Dataset entries
★ ★ ★ ★ ★
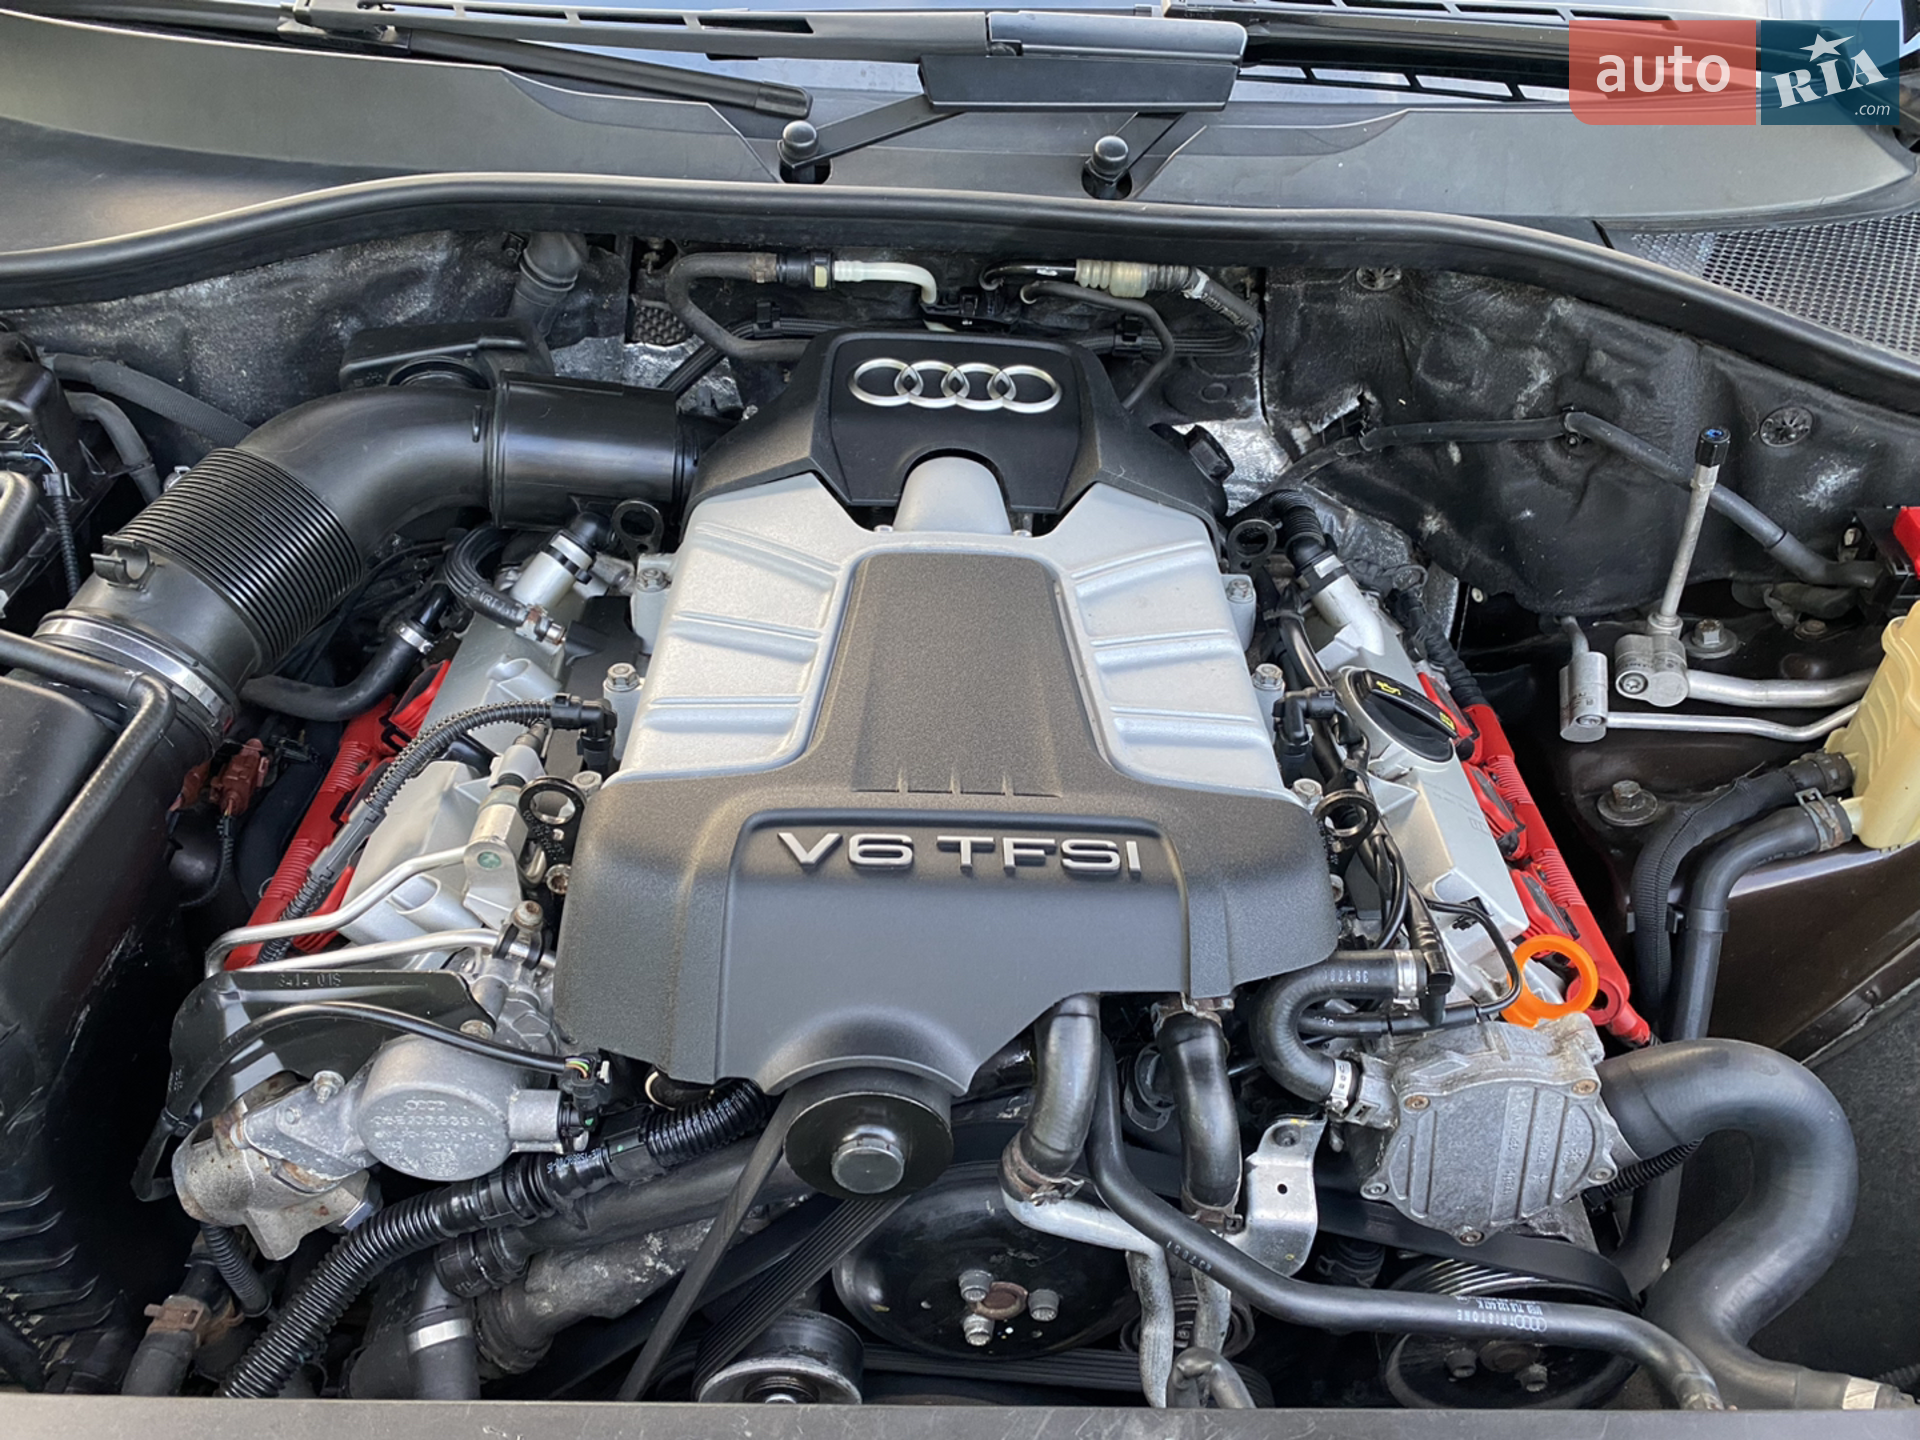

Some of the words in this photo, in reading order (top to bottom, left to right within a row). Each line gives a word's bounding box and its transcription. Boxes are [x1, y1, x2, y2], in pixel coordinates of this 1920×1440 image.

[777, 832, 914, 871] V6
[936, 835, 1142, 877] TFSI
[1456, 1309, 1515, 1327] TRISTONE
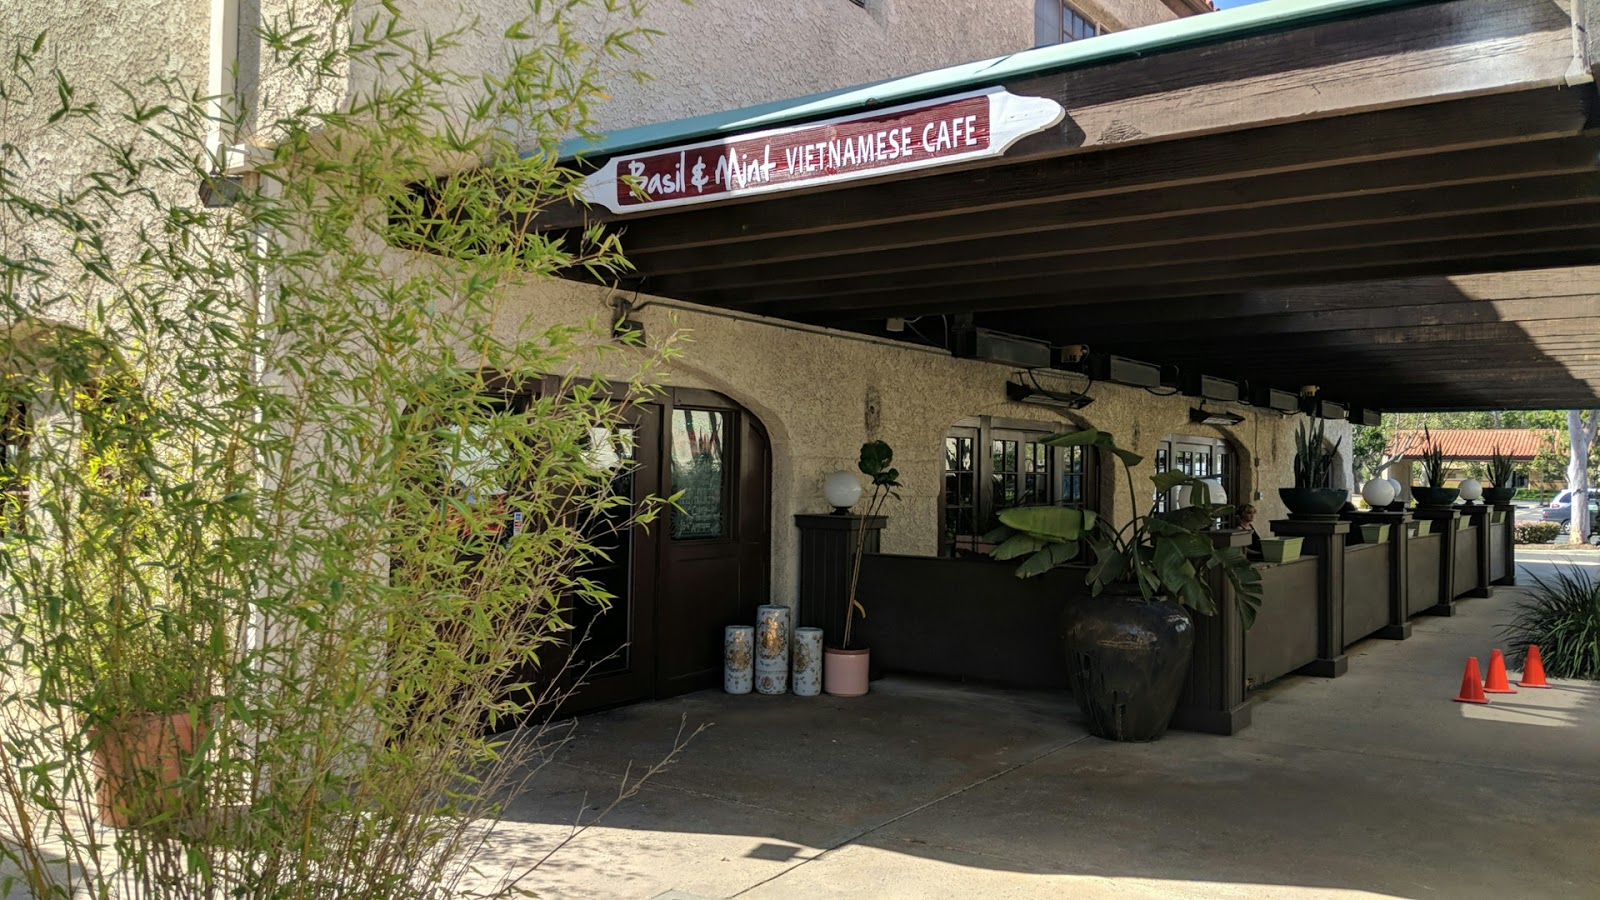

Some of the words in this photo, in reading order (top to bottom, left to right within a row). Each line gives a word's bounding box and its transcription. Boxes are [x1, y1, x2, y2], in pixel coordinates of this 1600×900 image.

[628, 150, 686, 197] Basil
[691, 156, 709, 193] &
[715, 144, 777, 191] Mint
[785, 127, 913, 175] VIETNAMESE
[922, 115, 977, 153] CAFE
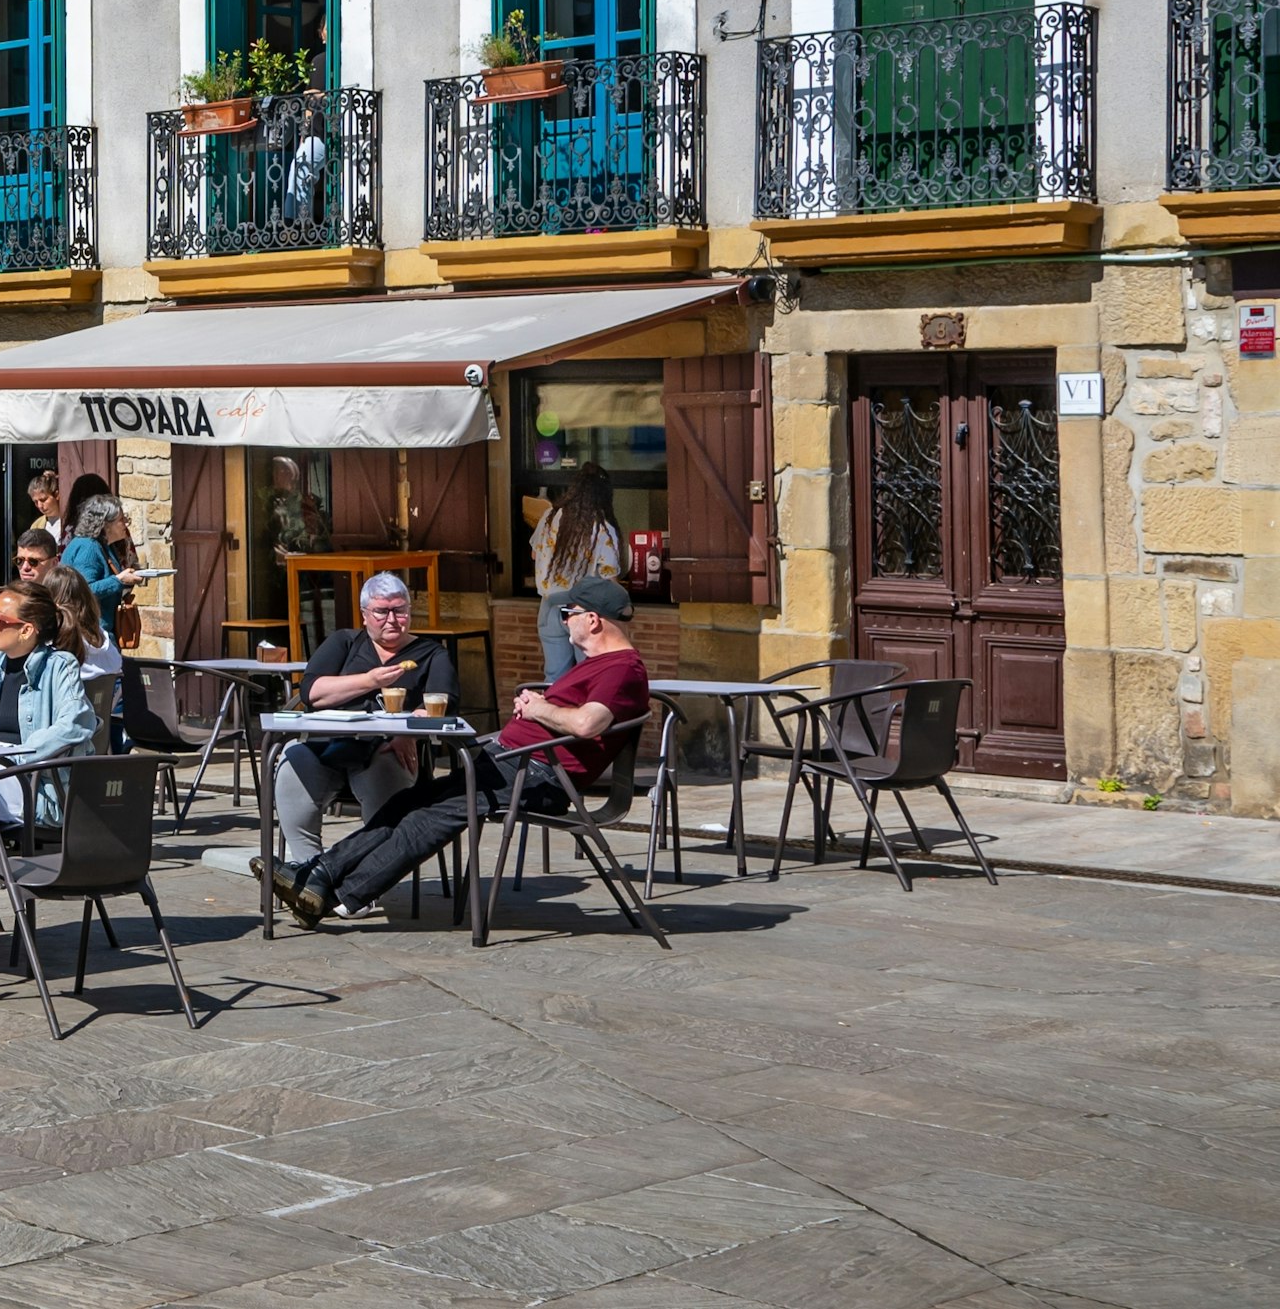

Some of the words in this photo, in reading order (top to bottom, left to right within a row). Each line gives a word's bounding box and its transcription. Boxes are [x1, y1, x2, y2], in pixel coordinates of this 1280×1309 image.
★ ★ ★ ★ ★
### YOUR INSTRUCTIONS
Your answer must be the records exactly as they stand, with no pictures in it.

### ANSWER TO THIS TASK
Some of the words in this photo, in reading order (top to bottom, left to right within a row). Each line gives a word's bounding box and its transcription. Boxes are [x1, y1, x2, y2], in pixel coordinates of this 1920×1440 image.

[777, 832, 914, 871] V6
[936, 835, 1142, 877] TFSI
[1456, 1309, 1515, 1327] TRISTONE

Some of the words in this photo, in reading order (top to bottom, left to right within a row). Each line gives a word's bounding box and its transcription. Boxes are [x1, y1, x2, y2], in pixel coordinates of this 1600×900 image.

[628, 150, 686, 197] Basil
[691, 156, 709, 193] &
[715, 144, 777, 191] Mint
[785, 127, 913, 175] VIETNAMESE
[922, 115, 977, 153] CAFE

Some of the words in this photo, in reading order (top to bottom, left to right within a row). Each line gives a word's bounding box and its transcription. Boxes are [x1, y1, x2, y2], in pixel coordinates of this 1280×1309 image.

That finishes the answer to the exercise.